- DVD cover
- Directed by: V. Z. Durai
- Written by: Balakumaran (Dialogue)
- Screenplay by: V. Z. Durai
- Story by: V. Z. Durai
- Produced by: S. S. Chakravarthy
- Starring: Vikram Priyanka Trivedi Prakash Raj Vivek
- Cinematography: M. S. Prabhu
- Edited by: Suresh Urs
- Music by: Deva
- Production company: NIC Arts
- Release date: 13 April 2003;
- Running time: 142 minutes
- Country: India
- Language: Tamil

= Kadhal Sadugudu =

2003 Indian Tamil-language romantic drama film

Kadhal Sadugudu is a 2003 Indian Tamil-language romantic comedy drama film written and directed by V. Z. Durai and produced by S. S. Chakravarthy. The film stars Vikram, Priyanka Trivedi, Prakash Raj, and Vivek. The music was composed by Deva with cinematography by M. S. Prabhu and editing by Suresh Urs. The film was released on 13 April 2003. The film's title is based on a song from Alai Payuthey (2000).

== Plot ==
Chithambaram is an important man in his village. He is adamant and always sticks to his decisions. When the temple festival starts, Chithambaram's daughter Kausalya goes to her grandfather's house to celebrate.

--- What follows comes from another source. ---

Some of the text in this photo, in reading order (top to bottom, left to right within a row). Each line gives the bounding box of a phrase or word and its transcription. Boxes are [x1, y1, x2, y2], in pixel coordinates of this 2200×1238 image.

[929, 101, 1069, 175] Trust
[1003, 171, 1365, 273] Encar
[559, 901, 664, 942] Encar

There, she meets Suresh, and they fall in love. Chithambaram gets into many conflicts with Suresh, not even knowing who he is. Everything Suresh does is unintentional, but Chithambaram does not realise this. Therefore, Chithambaram ends up with a very negative opinion of Suresh. One day, everyone in Kausalya's grandfather's home finds out that Suresh and Kausalya are in love, unbeknownst to Chithambaram. On seeing this, they try to get Chithambaram to agree to the wedding. Chithambaram, however, stubbornly sticks to his decision that the marriage should not take place.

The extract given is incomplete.